Text-to-region grounding data
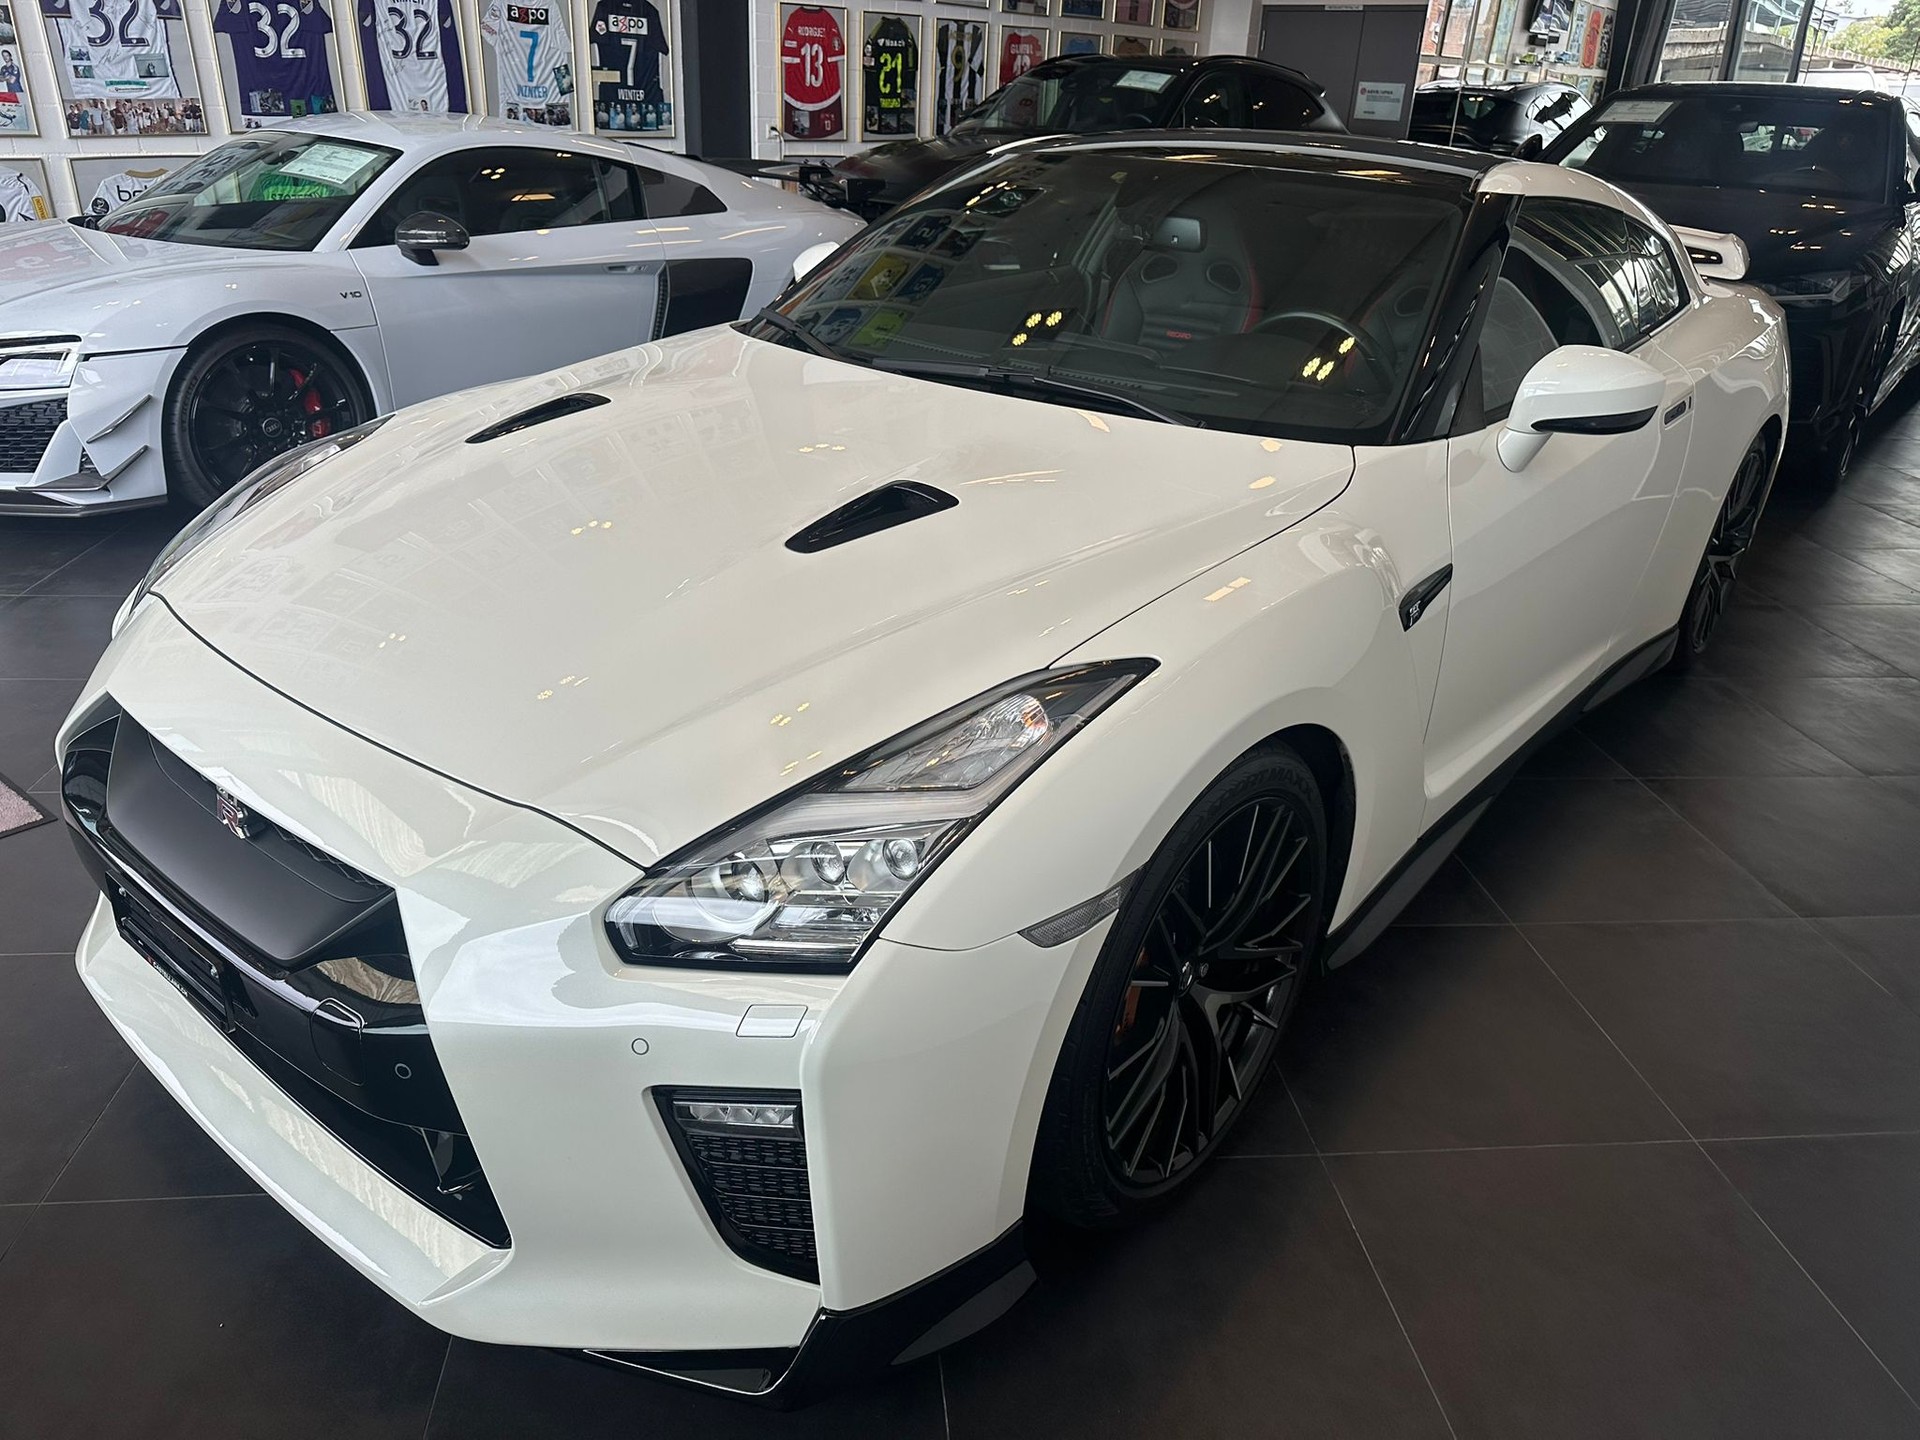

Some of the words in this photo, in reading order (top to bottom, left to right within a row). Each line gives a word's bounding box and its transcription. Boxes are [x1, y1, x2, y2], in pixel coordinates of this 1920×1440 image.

[86, 0, 151, 47] 32
[248, 2, 306, 58] 32
[387, 7, 438, 60] 32
[519, 30, 539, 82] 7
[620, 38, 638, 86] 7
[800, 42, 824, 88] 13
[879, 53, 902, 93] 21
[516, 84, 548, 98] WINTER
[617, 88, 645, 101] WINTER

▶ [WHAT NEEDS TO BE DONE]: Your copy should hold every record word for word and none of the pictures.

▶ [ANSWER SPACE]:
Some of the words in this photo, in reading order (top to bottom, left to right within a row). Each line gives a word's bounding box and its transcription. Boxes are [x1, y1, x2, y2], in pixel coordinates of this 1920×1440 image.

[86, 0, 151, 47] 32
[248, 2, 306, 58] 32
[387, 7, 438, 60] 32
[519, 30, 539, 82] 7
[620, 38, 638, 86] 7
[800, 42, 824, 88] 13
[879, 53, 902, 93] 21
[516, 84, 548, 98] WINTER
[617, 88, 645, 101] WINTER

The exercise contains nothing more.